In 1850, he abandoned the paper which suffered badly in circulation owing to the Archbishop’s criticisms, and started the ‘American Celt’ newspaper in Boston. His political opinions underwent a complete change soon after this and he renounced all his revolutionary ideas. In a letter to Thomas Francis Meagher, McGee stated “that it is the highest duty of a Catholic man to go over cheerfully, heartily and at once, to the side of Christendom – to the Catholic side – and to resist, with all his might, the conspirators, who, under the stolen name of liberty, make war upon all Christian institutions.”

While connected with the Celt, McGee delivered a number of lectures on Irish and Catholic, subjects. He became very unpopular among a large section of the Irish population because of his abandonment of his earlier principles and was denounced as a traitor by the physical force party. He moved his paper to Buffalo, and from there to New York, and, in 1857, he left the country and settled in Canada. He started the ‘New Era’ in Montreal, and became active in politics. Within a year of his arrival in the city he was elected a member of the Legislative Assembly.

Replying to an accusation that he had been a “rebel” in Ireland, he said:-
“It is true I was a rebel in ’48. I rebelled against the misgovernment of my country by (Lord) Russell and his followers. I rebelled because I saw my countrymen starving before my eyes, while my country had her trade and, commerce stolen from her. I rebelled against the Church Establishment in Ireland, and there is not a Liberal man in this community who would not have done as I did, if he were placed in my position, and followed the dictates of humanity.”

He soon attained Cabinet rank, and in both 1862 and 1864 he was President of the Council. He took an active part in the formation of the Dominion of Canada and the federation of the provinces, and came to be regarded as one of the foremost statesmen and orators in the Dominion, to the Parliament of which he was elected as a member for Montreal in 1867, and appointed Minister for Agriculture.

McGee strongly denounced the invasion of Canada, by the Fenians and supported the prosecution of persons disloyal to the Crown In 1867 he visited Paris as a Canadian Commissioner to the Exhibition, and made a tour of the Continent. In the same year, with other members of the Canadian Cabinet, he laid before the British Cabinet in London the plan for the federation of the Canadian provinces.

On the morning of the 7th April, 1868, six days before his 43rd birthday, Thomas D’Arcy McGee was shot dead as he was entering his own house in Ottawa after returning from the Legislature. The Fenians, were accused of having been responsible for his death, and a man named Whelan was executed for it. A public funeral was given to McGee, and provision was made by the State for his widow and children.

McGee wrote a good deal in prose and verse.
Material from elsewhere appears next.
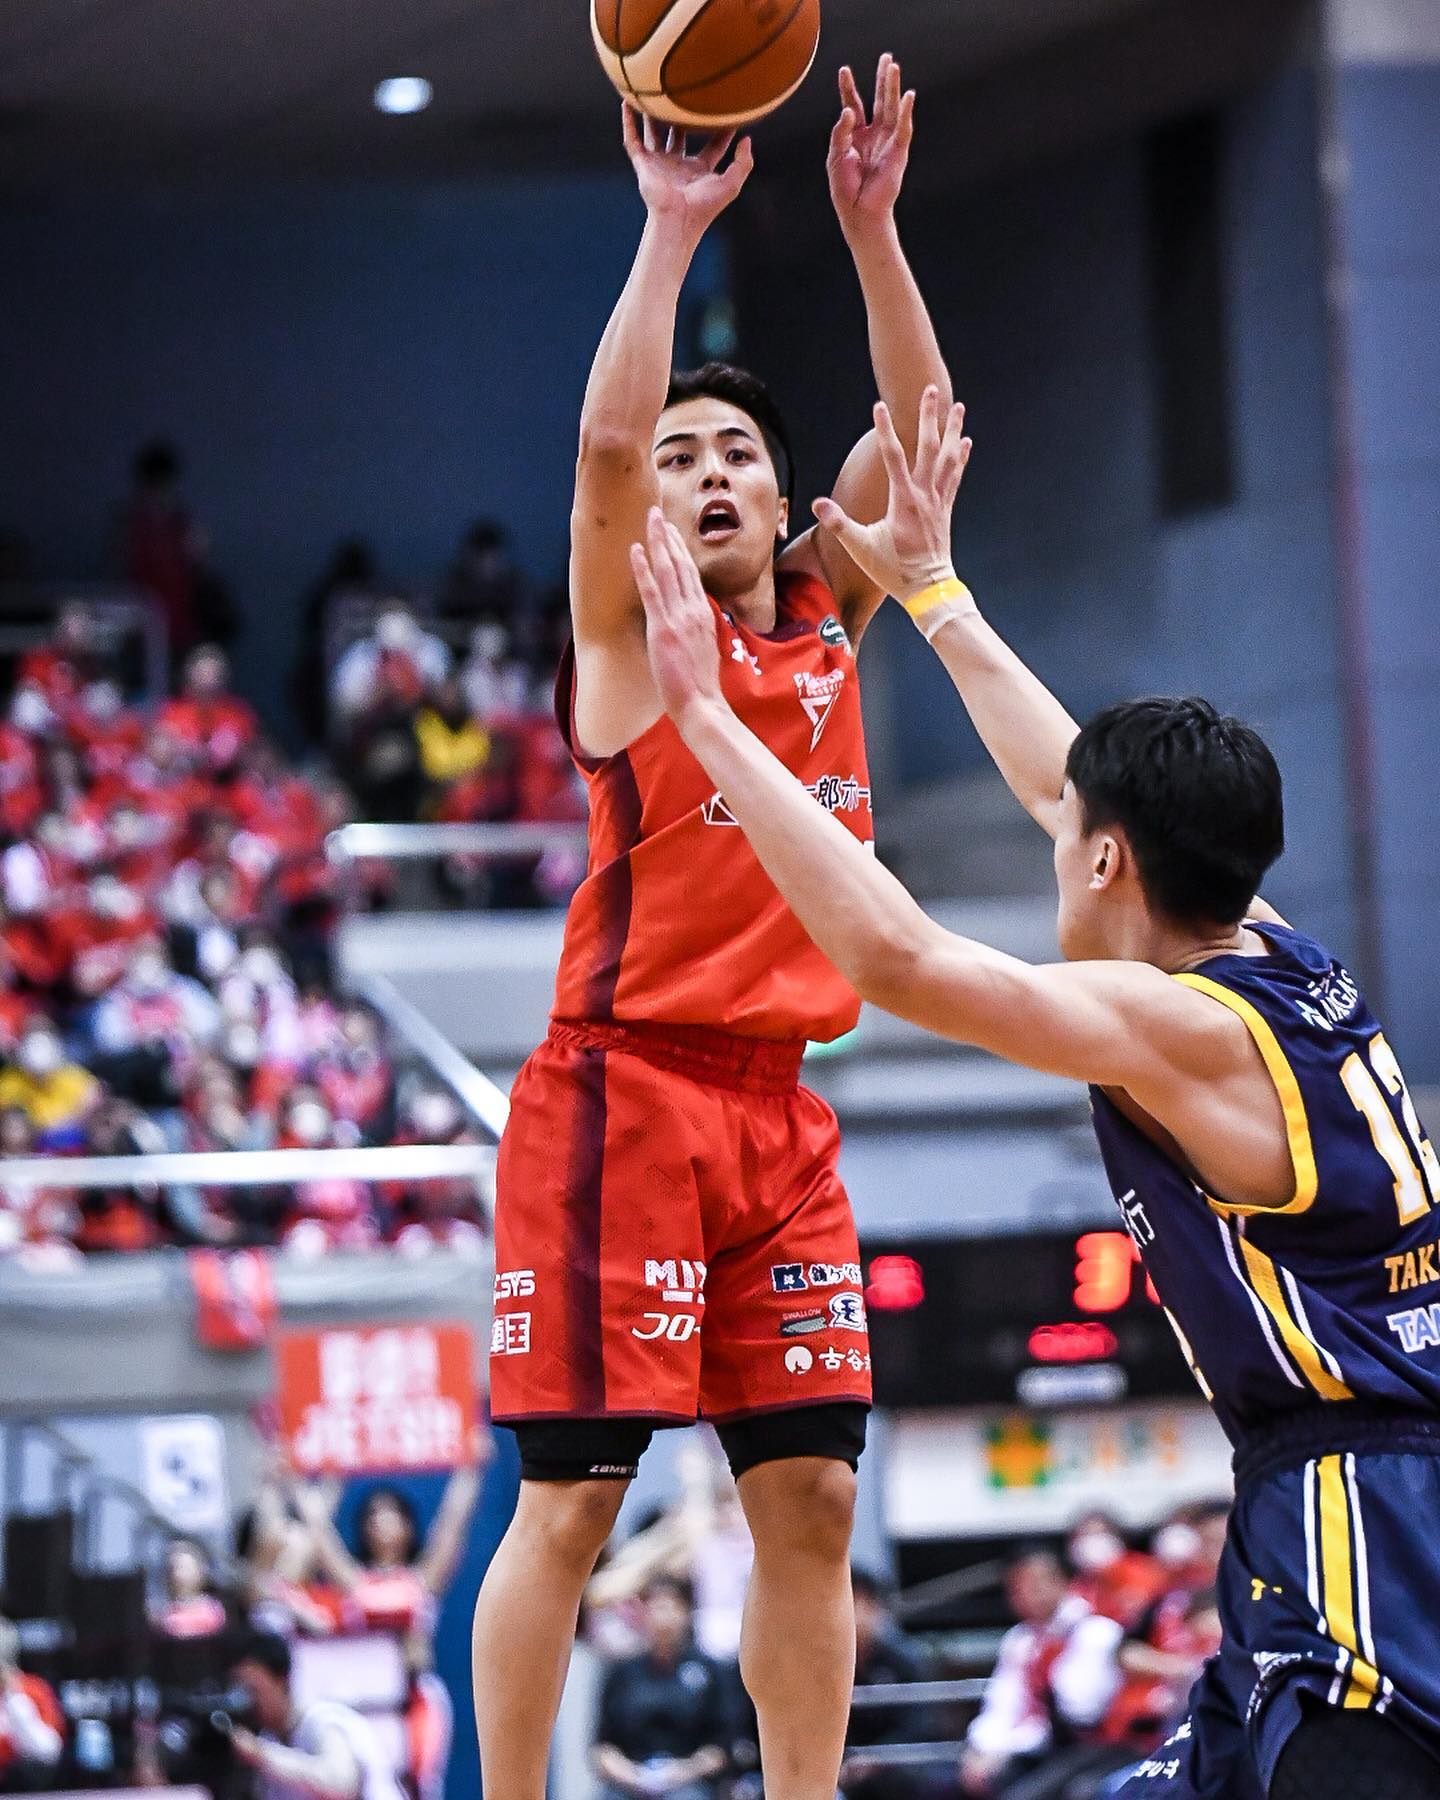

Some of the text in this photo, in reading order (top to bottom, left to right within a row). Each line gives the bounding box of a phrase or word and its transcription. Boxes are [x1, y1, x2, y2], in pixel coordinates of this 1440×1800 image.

[1384, 1239, 1440, 1293] TAK
[493, 1269, 536, 1304] SYS
[782, 1308, 822, 1321] SWALLOW
He contributed two volumes to the Library of Ireland:”Irish Writers of the Seventeenth Century”, and “Memoir of the Life and Conquests of Art MacMurrogh King of Leinster”. He also contributed many articles and numerous poems to The Nation during his residence in Ireland and in America under the pseudonyms “Montanus”; “Amergin”; “Sarsfield”; “Feargail”; “Gilla-Patrick”; “Gilla-Erin”; “M.” “T.D.M” and “An Irish Exile” amongst others.